Do you lie awake at night weighing whether the Class Action Fairness Act is fabulous or a failure? Do you tear at your hair because you can’t think of that perfect class action settlement?
Help is on the way. The heavily CAFA-nated crew with the ABA’s 10th Annual National Institute on Class Actions is coming to New York and San Diego this October to help you answer the question.
First things first: load up on coffee and crumpets (what is a crumpet, anyway) at the continental breakfast. Then tackle “New Developments in Class Action Law,” presented by Professor John C. Coffee, Jr.
Who could resist a session called “CAFA: Cure-All, Flop, or Too Soon to Tell?” Professor Arthur Miller will be on hand to moderate the session in New York on October 27 and to separate brawling academics, jurists and practitioners. Professor Alan B. Morrison will keep everyone in line on October 6 in San Diego.

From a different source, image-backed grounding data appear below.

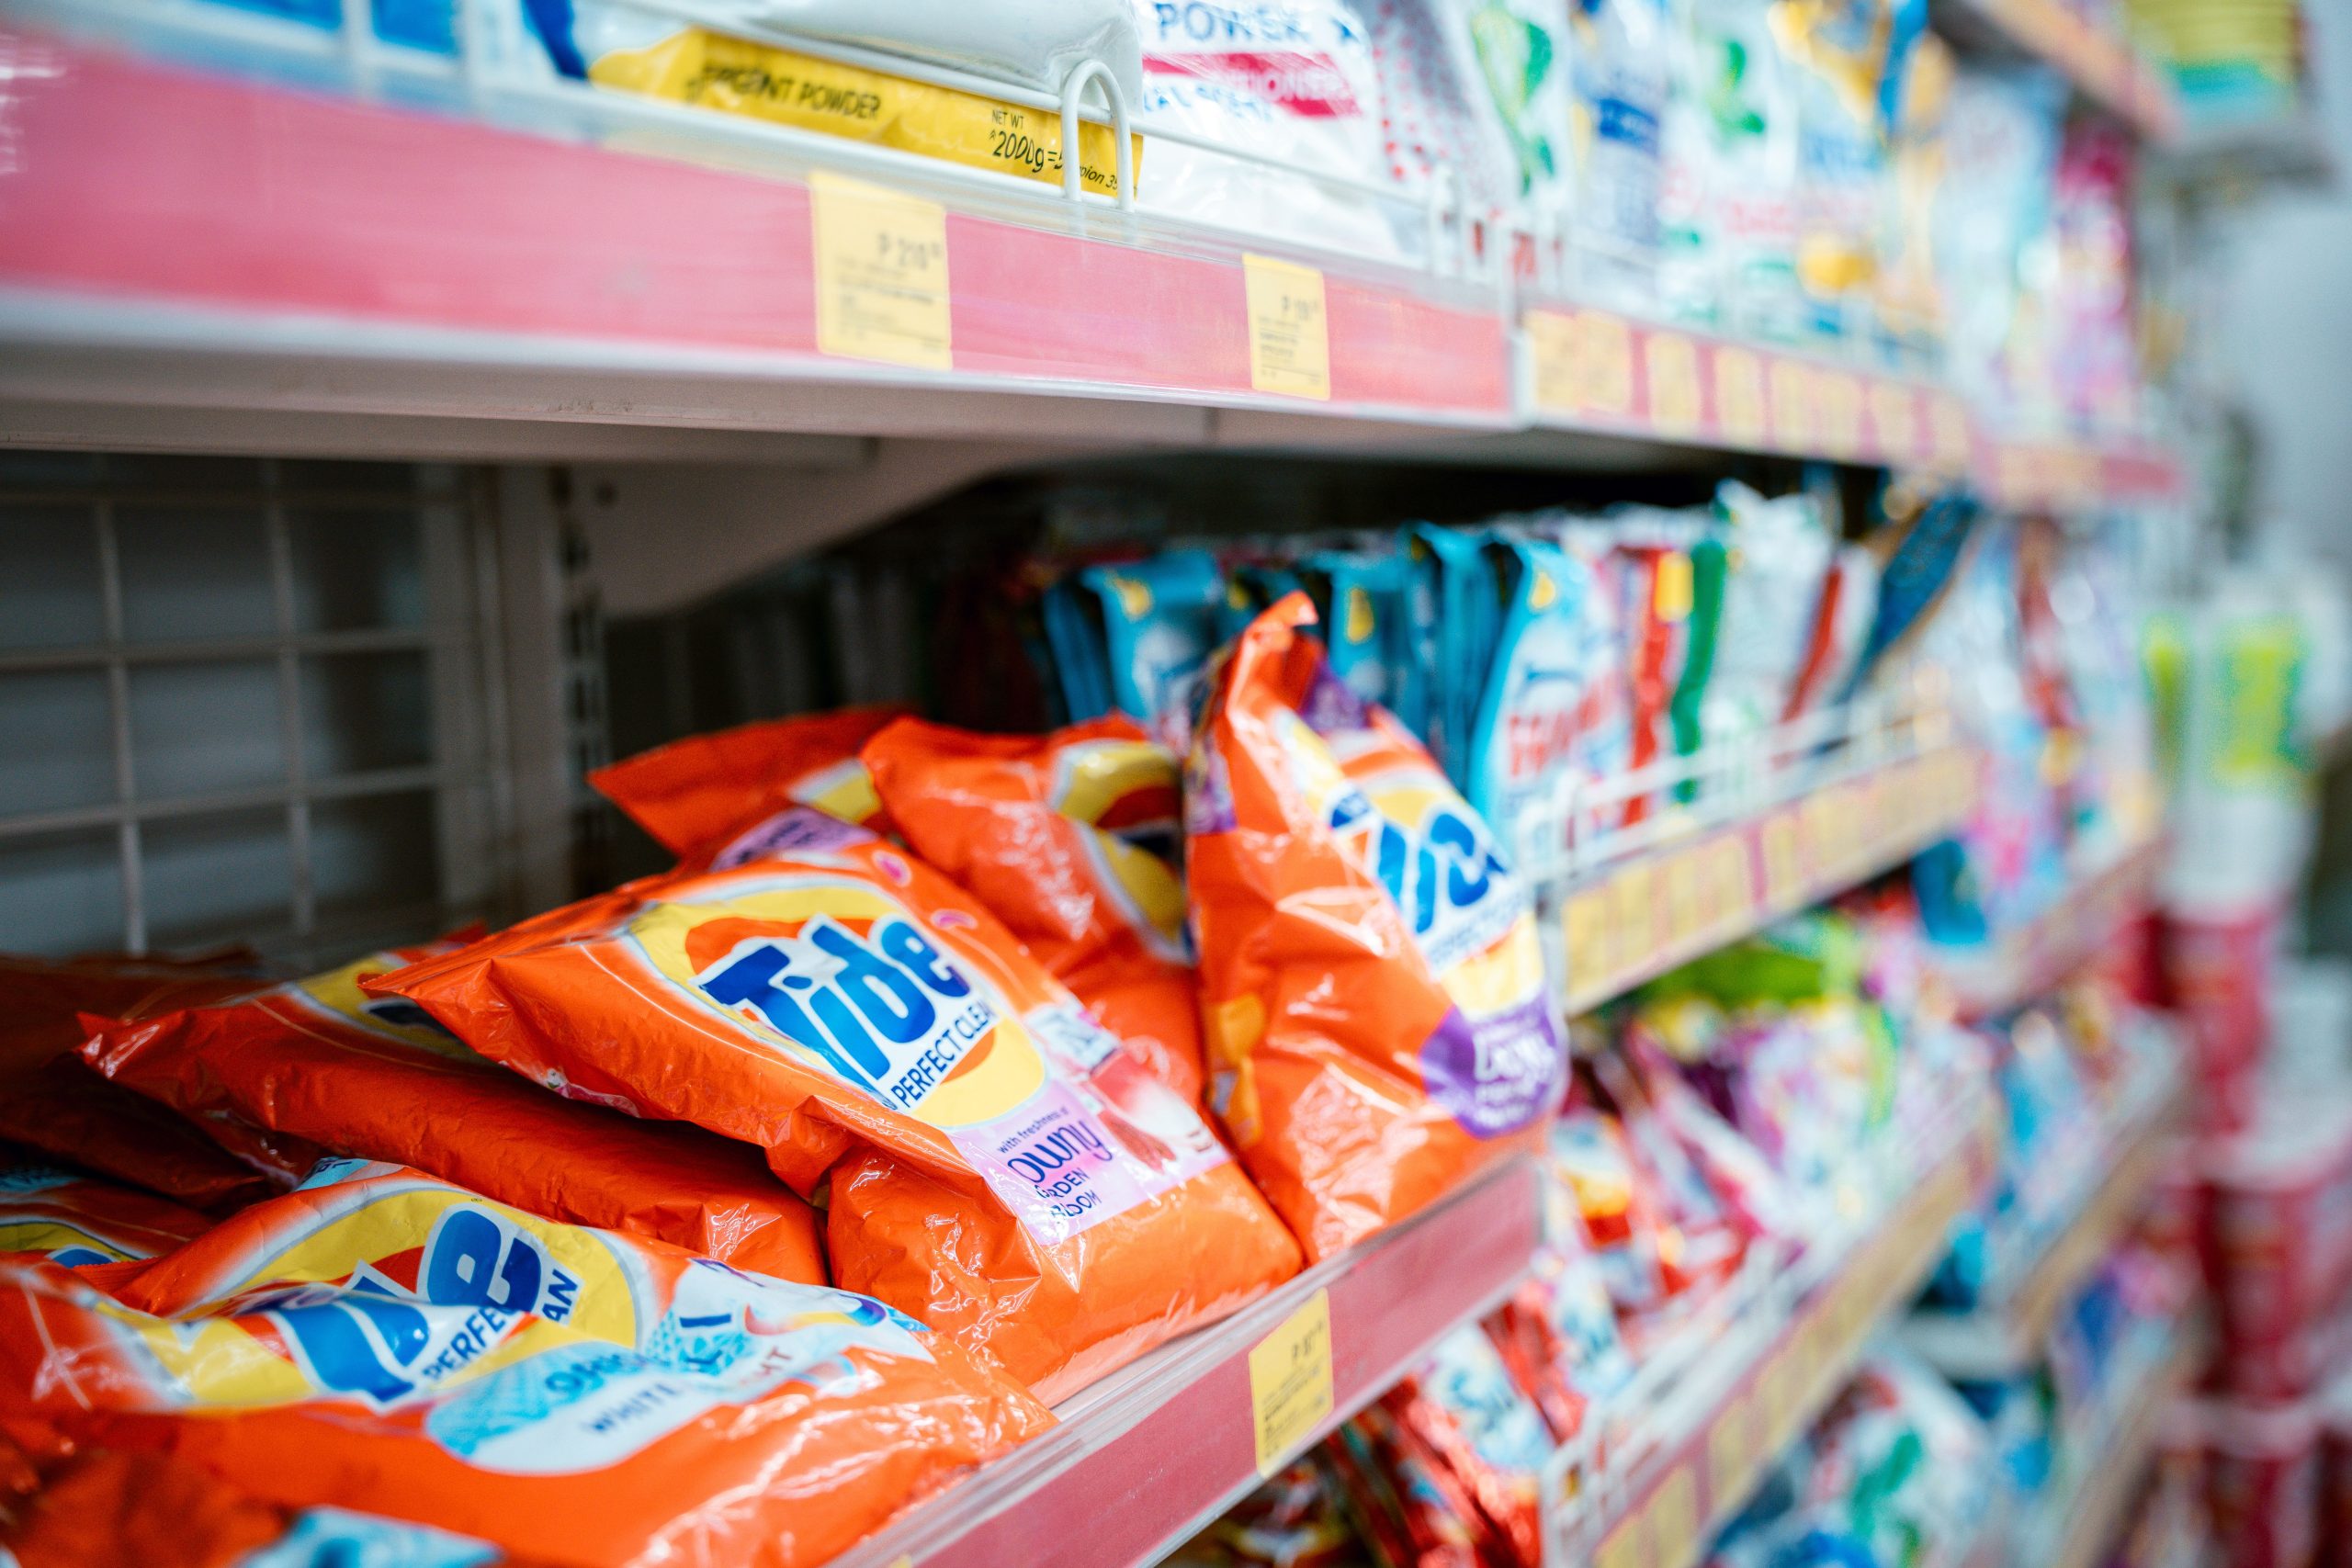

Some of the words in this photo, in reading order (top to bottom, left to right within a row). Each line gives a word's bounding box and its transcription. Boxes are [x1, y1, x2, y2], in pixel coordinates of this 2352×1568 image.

[797, 81, 882, 119] POWDER
[992, 110, 1007, 125] NET
[1011, 116, 1023, 129] WT
[699, 919, 970, 1110] Tide
[890, 1029, 963, 1108] PERFECT
[955, 998, 998, 1040] CLEA
[998, 1136, 1021, 1154] with
[423, 1305, 516, 1382] PERFEC

There’s a segment about crafting innovative “coupon free” settlements, a session on how CAFA plays out in the courtroom, and a presentation that deconstructs the interplay between class representatives and Rule 23 issues, with insights from plaintiff and defense lawyers.
Lunch is part of the plan, a schmoozathon of moderated discussion groups on these subjects: consumer class actions, securities litigation; mass tort actions; employment and civil rights litigation, antitrust and RICO, plus an “open table.”

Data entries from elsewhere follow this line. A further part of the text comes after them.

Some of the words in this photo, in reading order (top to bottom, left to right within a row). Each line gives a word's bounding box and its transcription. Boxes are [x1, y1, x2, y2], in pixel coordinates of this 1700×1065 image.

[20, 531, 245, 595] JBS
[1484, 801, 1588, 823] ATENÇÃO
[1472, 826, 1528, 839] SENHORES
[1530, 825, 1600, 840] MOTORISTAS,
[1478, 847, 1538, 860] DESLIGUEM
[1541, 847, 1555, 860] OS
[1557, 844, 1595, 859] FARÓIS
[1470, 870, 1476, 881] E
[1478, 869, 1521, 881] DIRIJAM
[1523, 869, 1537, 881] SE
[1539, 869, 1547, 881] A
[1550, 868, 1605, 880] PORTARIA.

“Class Actions and the Law of Unintended Consequences,” takes on nitty gritty issues, like the future of conditional certification, opt-in vs. opt-out classes in FSLA litigation, and bifurcation of discovery in class action litigation.
So mark your calendars: the San Diego program is on October 6, 2006, followed by the New York program on October 27.
Can’t get away? Calling is the next best thing to being there, and you don’t even have to wear pants. Dial up the CAFA live teleconference on October 27, featuring Harvard Law School Professor Arthur Miller as moderator.